Data:
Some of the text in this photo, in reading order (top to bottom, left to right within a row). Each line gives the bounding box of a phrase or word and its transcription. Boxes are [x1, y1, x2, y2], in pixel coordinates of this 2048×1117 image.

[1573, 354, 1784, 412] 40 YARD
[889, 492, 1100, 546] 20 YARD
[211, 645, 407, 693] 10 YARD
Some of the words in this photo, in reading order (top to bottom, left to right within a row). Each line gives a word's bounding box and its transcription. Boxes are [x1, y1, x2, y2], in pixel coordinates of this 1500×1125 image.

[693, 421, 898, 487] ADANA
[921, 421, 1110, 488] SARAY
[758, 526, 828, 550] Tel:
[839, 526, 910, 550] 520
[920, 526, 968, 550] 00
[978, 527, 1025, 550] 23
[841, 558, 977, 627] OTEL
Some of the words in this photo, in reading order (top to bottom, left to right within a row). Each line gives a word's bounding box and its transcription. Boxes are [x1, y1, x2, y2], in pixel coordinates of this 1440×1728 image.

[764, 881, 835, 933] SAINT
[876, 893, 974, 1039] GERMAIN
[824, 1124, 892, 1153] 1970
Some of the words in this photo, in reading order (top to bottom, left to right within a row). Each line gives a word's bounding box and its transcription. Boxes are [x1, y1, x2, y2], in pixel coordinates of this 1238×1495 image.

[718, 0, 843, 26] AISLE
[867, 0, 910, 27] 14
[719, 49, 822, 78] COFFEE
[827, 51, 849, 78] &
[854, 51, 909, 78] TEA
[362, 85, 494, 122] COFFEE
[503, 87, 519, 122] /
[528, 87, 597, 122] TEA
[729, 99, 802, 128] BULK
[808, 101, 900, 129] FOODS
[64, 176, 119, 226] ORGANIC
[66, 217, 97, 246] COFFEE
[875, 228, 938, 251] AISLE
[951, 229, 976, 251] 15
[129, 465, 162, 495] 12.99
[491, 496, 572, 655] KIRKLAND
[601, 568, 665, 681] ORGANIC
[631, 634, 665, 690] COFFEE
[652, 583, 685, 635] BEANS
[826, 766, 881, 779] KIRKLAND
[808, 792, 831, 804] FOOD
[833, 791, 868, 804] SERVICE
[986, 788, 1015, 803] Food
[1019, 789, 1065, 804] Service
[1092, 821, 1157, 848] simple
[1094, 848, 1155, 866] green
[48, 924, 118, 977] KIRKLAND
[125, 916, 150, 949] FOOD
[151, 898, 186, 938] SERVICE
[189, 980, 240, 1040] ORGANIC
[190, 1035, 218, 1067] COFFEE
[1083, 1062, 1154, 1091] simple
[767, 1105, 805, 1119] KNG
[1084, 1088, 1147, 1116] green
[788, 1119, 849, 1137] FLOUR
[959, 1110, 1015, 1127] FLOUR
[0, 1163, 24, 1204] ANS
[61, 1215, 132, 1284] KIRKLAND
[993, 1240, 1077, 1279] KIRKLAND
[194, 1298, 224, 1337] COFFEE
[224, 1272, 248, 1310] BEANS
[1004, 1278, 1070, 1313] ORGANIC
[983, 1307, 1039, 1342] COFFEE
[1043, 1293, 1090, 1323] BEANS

Your objective: A word-for-word transcription of all the data is needed.

Completed task:
Some of the text in this photo, in reading order (top to bottom, left to right within a row). Each line gives the bounding box of a phrase or word and its transcription. Boxes are [x1, y1, x2, y2], in pixel coordinates of this 2048×1117 image.

[1573, 354, 1784, 412] 40 YARD
[889, 492, 1100, 546] 20 YARD
[211, 645, 407, 693] 10 YARD
Some of the words in this photo, in reading order (top to bottom, left to right within a row). Each line gives a word's bounding box and its transcription. Boxes are [x1, y1, x2, y2], in pixel coordinates of this 1500×1125 image.

[693, 421, 898, 487] ADANA
[921, 421, 1110, 488] SARAY
[758, 526, 828, 550] Tel:
[839, 526, 910, 550] 520
[920, 526, 968, 550] 00
[978, 527, 1025, 550] 23
[841, 558, 977, 627] OTEL
Some of the words in this photo, in reading order (top to bottom, left to right within a row). Each line gives a word's bounding box and its transcription. Boxes are [x1, y1, x2, y2], in pixel coordinates of this 1440×1728 image.

[764, 881, 835, 933] SAINT
[876, 893, 974, 1039] GERMAIN
[824, 1124, 892, 1153] 1970
Some of the words in this photo, in reading order (top to bottom, left to right within a row). Each line gives a word's bounding box and its transcription. Boxes are [x1, y1, x2, y2], in pixel coordinates of this 1238×1495 image.

[718, 0, 843, 26] AISLE
[867, 0, 910, 27] 14
[719, 49, 822, 78] COFFEE
[827, 51, 849, 78] &
[854, 51, 909, 78] TEA
[362, 85, 494, 122] COFFEE
[503, 87, 519, 122] /
[528, 87, 597, 122] TEA
[729, 99, 802, 128] BULK
[808, 101, 900, 129] FOODS
[64, 176, 119, 226] ORGANIC
[66, 217, 97, 246] COFFEE
[875, 228, 938, 251] AISLE
[951, 229, 976, 251] 15
[129, 465, 162, 495] 12.99
[491, 496, 572, 655] KIRKLAND
[601, 568, 665, 681] ORGANIC
[631, 634, 665, 690] COFFEE
[652, 583, 685, 635] BEANS
[826, 766, 881, 779] KIRKLAND
[808, 792, 831, 804] FOOD
[833, 791, 868, 804] SERVICE
[986, 788, 1015, 803] Food
[1019, 789, 1065, 804] Service
[1092, 821, 1157, 848] simple
[1094, 848, 1155, 866] green
[48, 924, 118, 977] KIRKLAND
[125, 916, 150, 949] FOOD
[151, 898, 186, 938] SERVICE
[189, 980, 240, 1040] ORGANIC
[190, 1035, 218, 1067] COFFEE
[1083, 1062, 1154, 1091] simple
[767, 1105, 805, 1119] KNG
[1084, 1088, 1147, 1116] green
[788, 1119, 849, 1137] FLOUR
[959, 1110, 1015, 1127] FLOUR
[0, 1163, 24, 1204] ANS
[61, 1215, 132, 1284] KIRKLAND
[993, 1240, 1077, 1279] KIRKLAND
[194, 1298, 224, 1337] COFFEE
[224, 1272, 248, 1310] BEANS
[1004, 1278, 1070, 1313] ORGANIC
[983, 1307, 1039, 1342] COFFEE
[1043, 1293, 1090, 1323] BEANS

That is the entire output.